Issue 100, 22 February 2018


Egypt’s regulatory framework is racing against time to keep path with the crucial and dynamic changes to Egypt’s economic and investment environment.  With a number of implemented reforms and others scheduled for 2018, and after issuing the New Investment Law back in July, the government introduced some amendments to the Companies law No. 159/1981 (the “Companies’ Law”). On 16 January 2018, the Egyptian President issued Law no. 4/2018 (the “New Amendments”); three weeks later the Ministry of Investment and International Cooperation issued the Executive Regulation (the “ER”) of the New Amendments, but not officially.
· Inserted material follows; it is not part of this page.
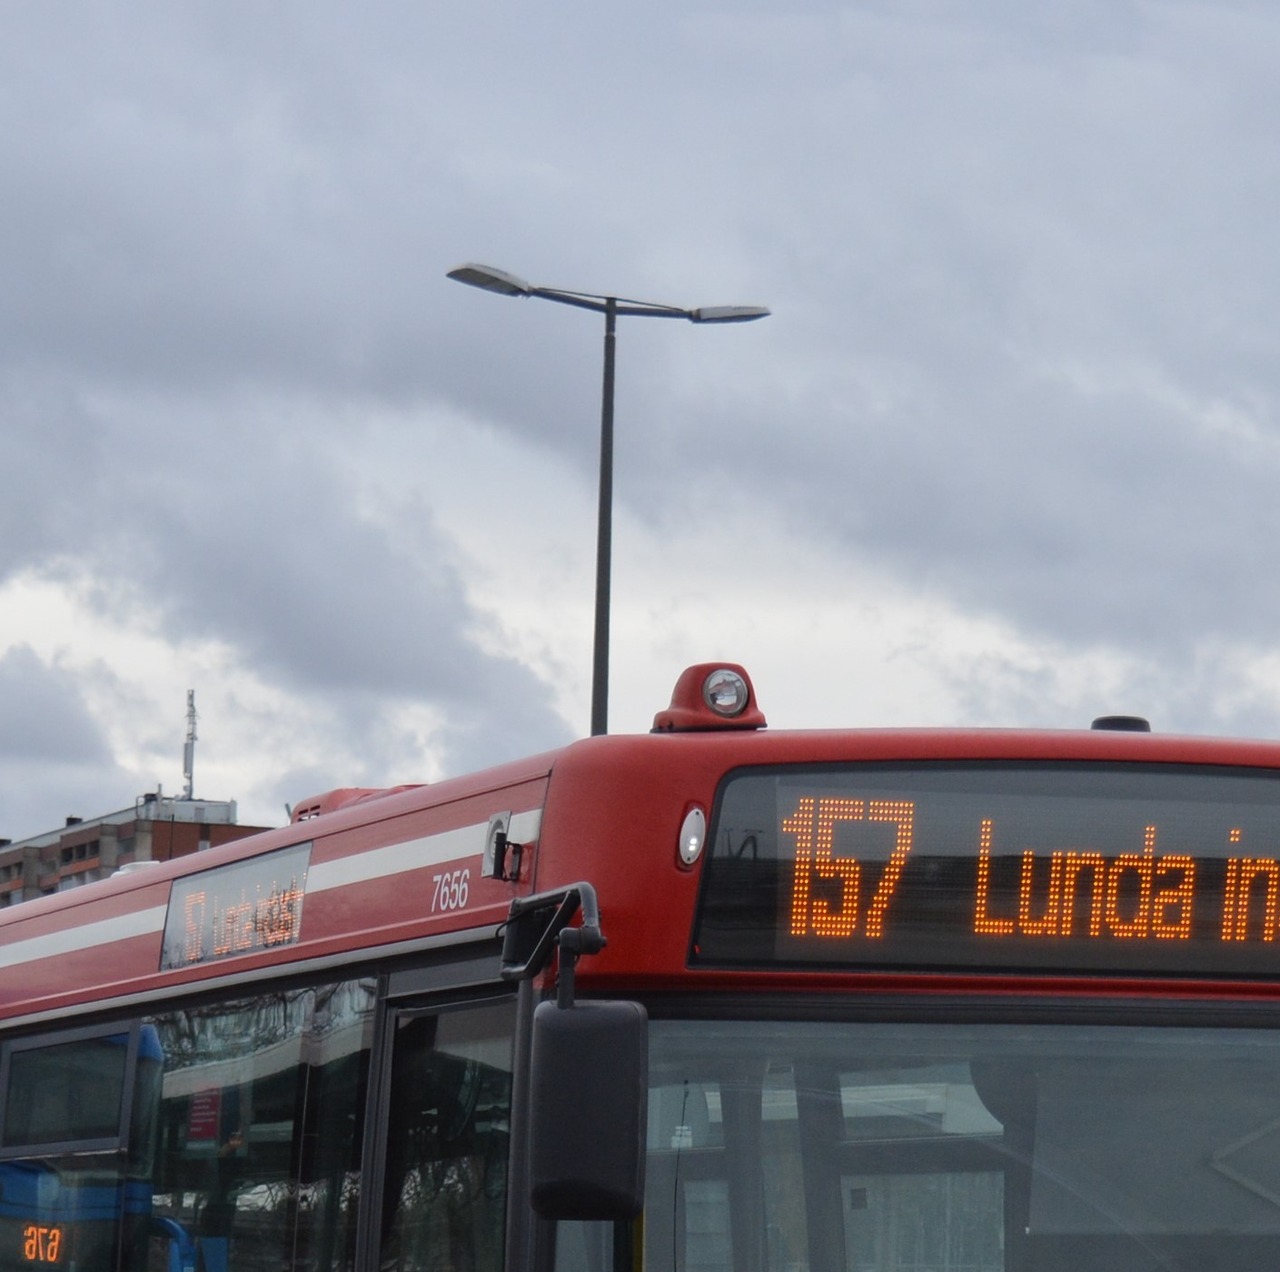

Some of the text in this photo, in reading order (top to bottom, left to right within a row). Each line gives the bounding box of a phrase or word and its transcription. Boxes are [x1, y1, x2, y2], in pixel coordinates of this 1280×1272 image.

[431, 867, 470, 913] 7656
[781, 797, 915, 938] 157
[974, 818, 1197, 939] Lunda
The enactment of the New Amendments was to ameliorate Egypt’s’ ranking in international reports of doing business and to help bringing the economy to its full potential.

The New Amendments introduced some new provisions and amended others; these amendments cover subjects ranging from introducing a new type of company, to amending companies’ incorporation provisions, in addition to granting extra powers to the General Authority for Investment (the “GAI”), etc.

The following is a brief outline on the key changes introduced by the New Amendments, here are the big changes:

  • Sole Person Company:

One of the significant new changes in the New Amendments is introducing a new type of company whereby an individual, whether a natural or juristic person, may solely establish a company (the “Sole Person Company”).

The Sole Person Company is a limited liability company in which the founder is only liable within the limits of the capital of the company. However, the New Amendments also set forth certain limited cases where the corporate veil of the Sole Person Company may be pierced and the founder is held jointly liable with the company, including cases of compromising the separation of financials between the company and the founder and cases of fraudulent liquidation. [Read more…]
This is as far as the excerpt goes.